_Exercise prompt_: Check every line of the data below for the word "BALSAMIC". Copy the ones that have it.

_Data provided_:
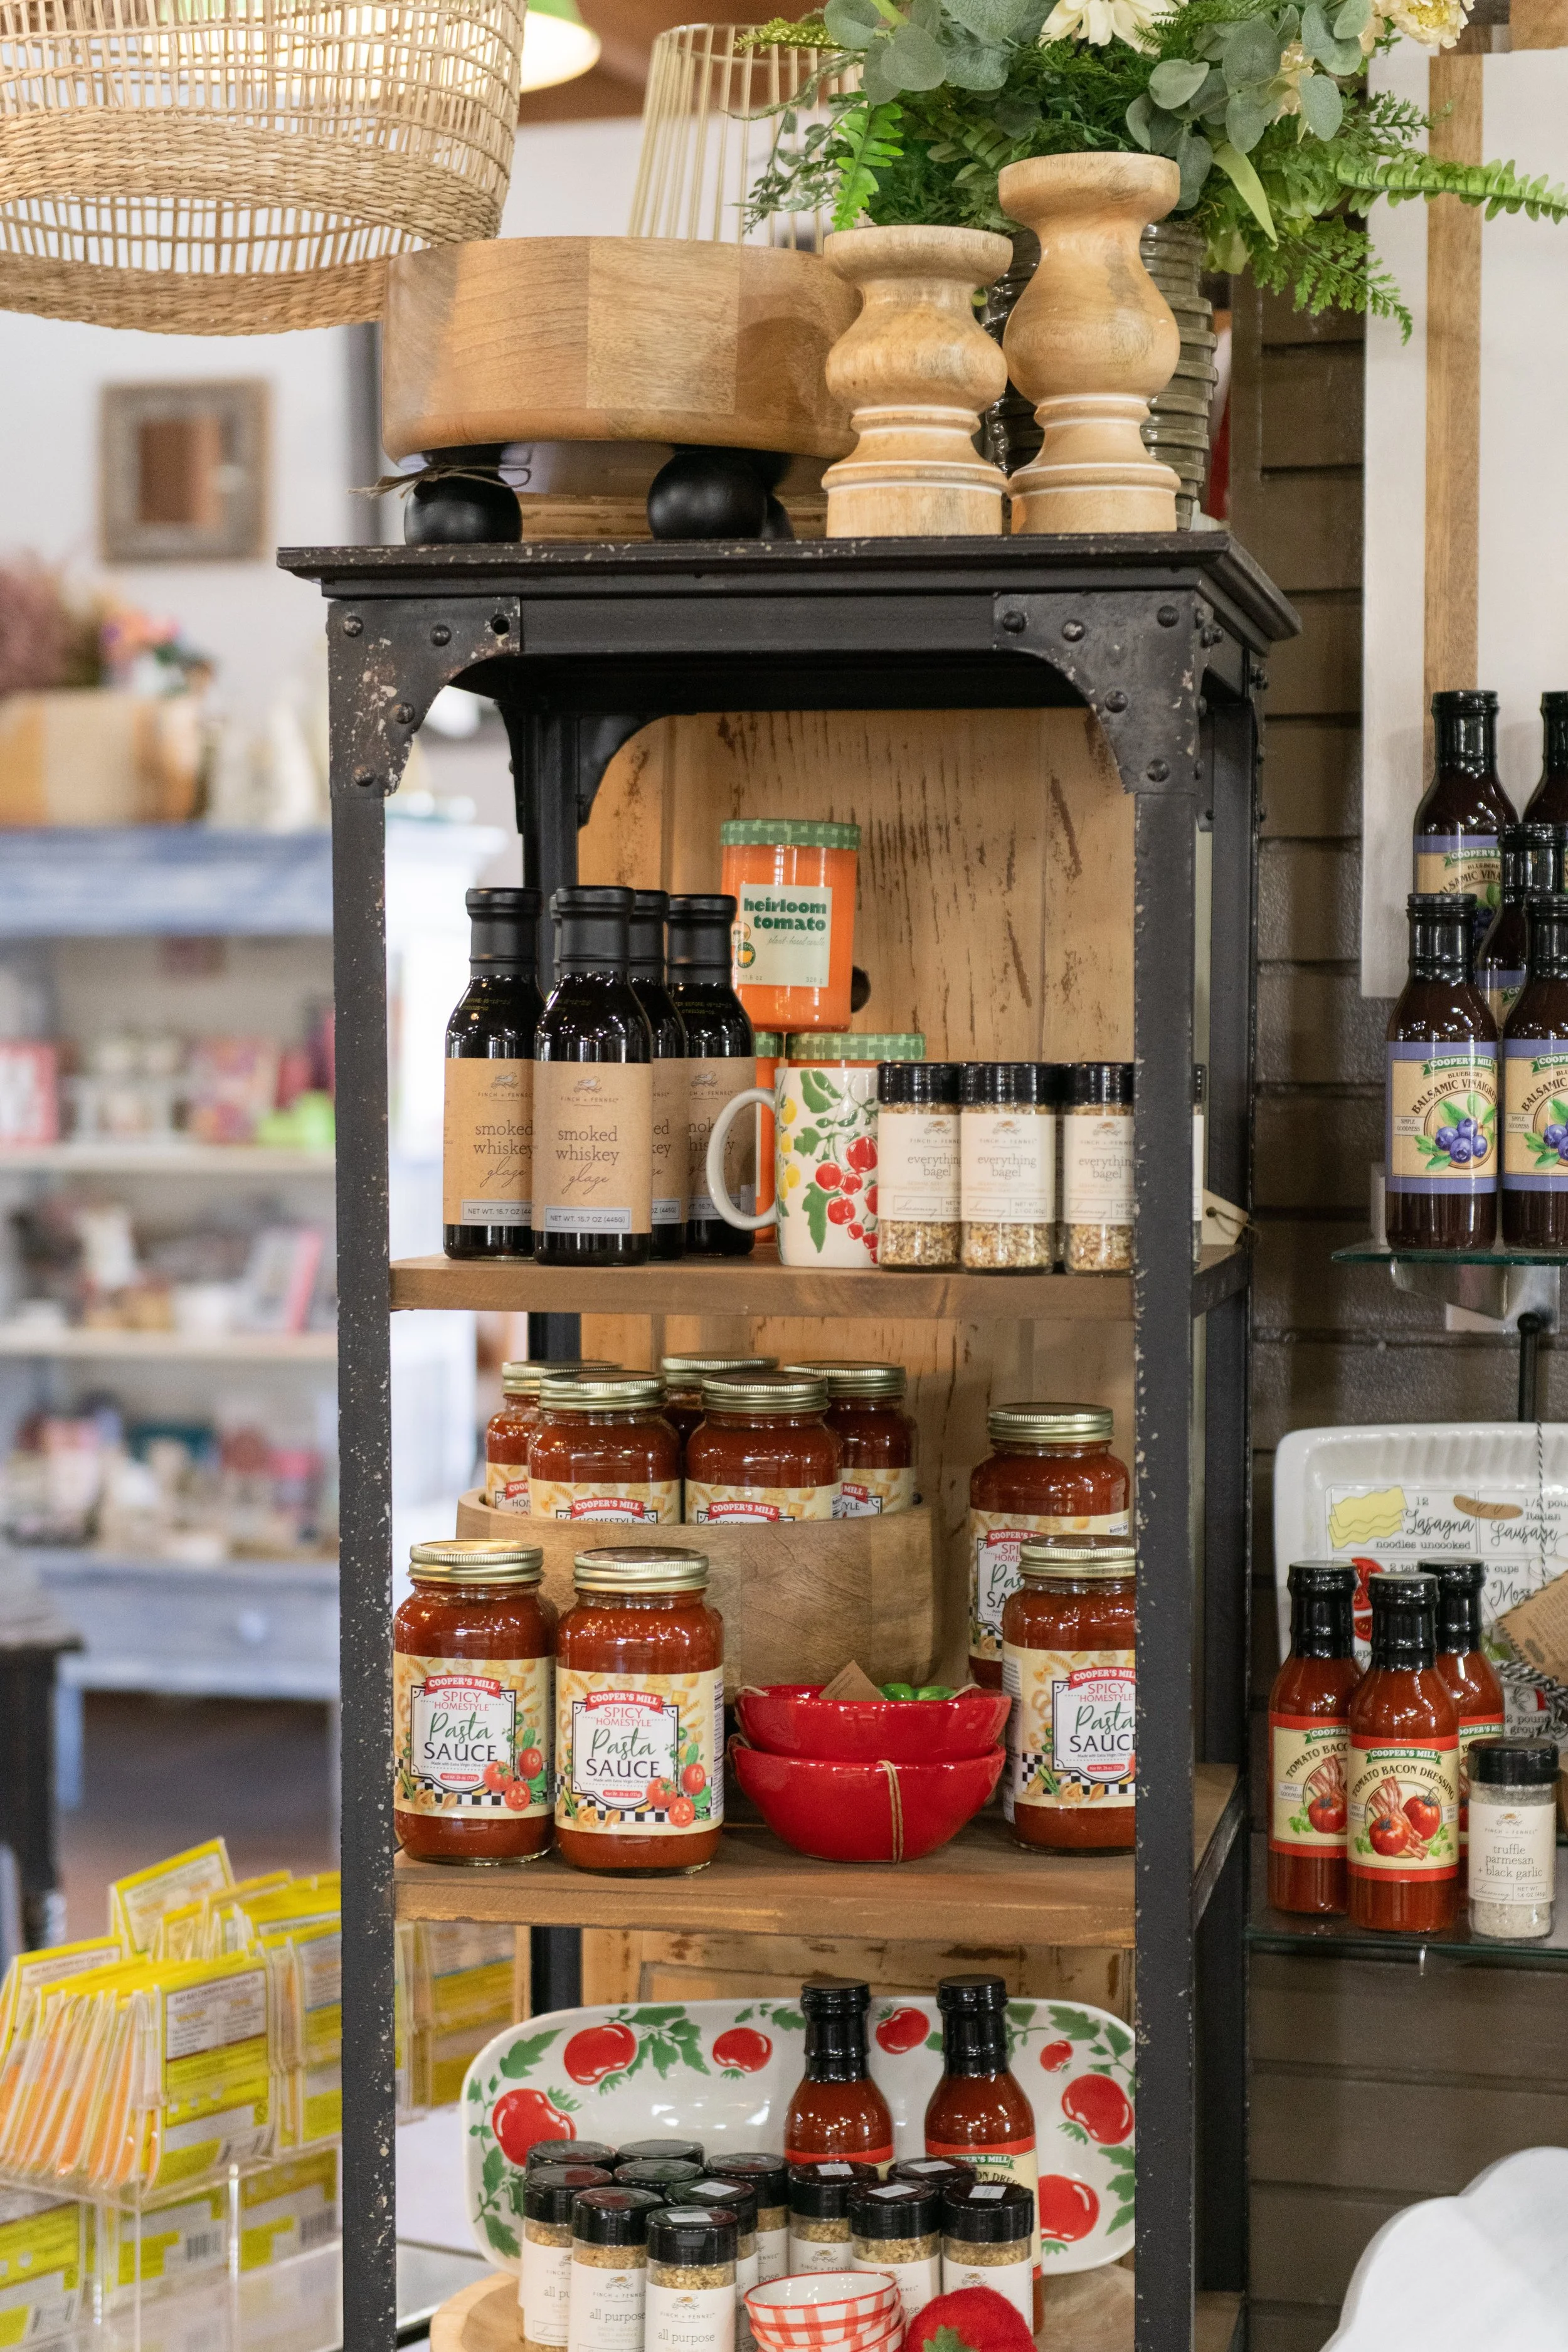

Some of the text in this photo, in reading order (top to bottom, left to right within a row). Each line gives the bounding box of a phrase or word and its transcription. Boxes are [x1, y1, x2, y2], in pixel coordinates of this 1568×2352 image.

[1451, 849, 1495, 859] COOPER'S
[1439, 870, 1479, 894] ALSAMIC
[743, 897, 827, 914] heirloom
[753, 914, 827, 931] tomato
[1431, 1057, 1493, 1067] COOPER'S MILL
[1412, 1079, 1459, 1115] BALSAMIC
[1521, 1078, 1567, 1112] BALSAMIC
[475, 1120, 532, 1136] smoked
[558, 1125, 618, 1142] smoked
[473, 1139, 532, 1159] whiskey
[556, 1145, 620, 1166] whiskey
[908, 1153, 961, 1167] everythin
[978, 1153, 1037, 1168] everything
[480, 1155, 527, 1188] glaze
[561, 1162, 610, 1195] glaze
[923, 1164, 951, 1179] bagel
[992, 1164, 1022, 1180] bagel
[1093, 1166, 1122, 1182] bagel
[844, 1485, 863, 1495] MILL
[575, 1500, 640, 1510] COOPER'S MILL
[1416, 1496, 1429, 1506] 12
[712, 1503, 775, 1515] COOPER'S MILL
[1406, 1508, 1475, 1540] Lasagna
[990, 1532, 1029, 1540] COOPER'S
[1376, 1540, 1471, 1550] noodles uncooked
[1390, 1563, 1397, 1572] 2
[1495, 1565, 1519, 1575] cups
[1074, 1669, 1117, 1681] COOPER'S
[429, 1678, 496, 1690] COOPER'S MILL
[1088, 1683, 1126, 1694] SPICY
[442, 1691, 482, 1702] SPICY
[590, 1692, 658, 1705] COOPER'S MILL
[1079, 1694, 1133, 1702] HOMESTYLE
[434, 1702, 489, 1711] HOMESTYLE
[604, 1707, 644, 1718] SPICY
[596, 1718, 652, 1727] HOMESTYLE
[1074, 1702, 1136, 1735] Pasta
[1506, 1714, 1513, 1723] 2
[429, 1711, 494, 1744] Pasta
[591, 1727, 657, 1761] Pasta
[424, 1742, 498, 1762] SAUCE
[1416, 1751, 1437, 1759] MILL
[586, 1758, 661, 1778] SAUCE
[1286, 1748, 1320, 1778] TOMATO
[1352, 1764, 1455, 1801] TOMATO BACON DRESSING
[1493, 1843, 1526, 1855] truffle
[1485, 1855, 1534, 1866] parmesan
[1486, 1865, 1513, 1877] black
[1516, 1867, 1543, 1881] garlic
[544, 2286, 555, 2297] all
[590, 2308, 646, 2324] all purpose
[658, 2328, 715, 2346] all purpose

_Output for this task_:
[1412, 1079, 1459, 1115] BALSAMIC
[1521, 1078, 1567, 1112] BALSAMIC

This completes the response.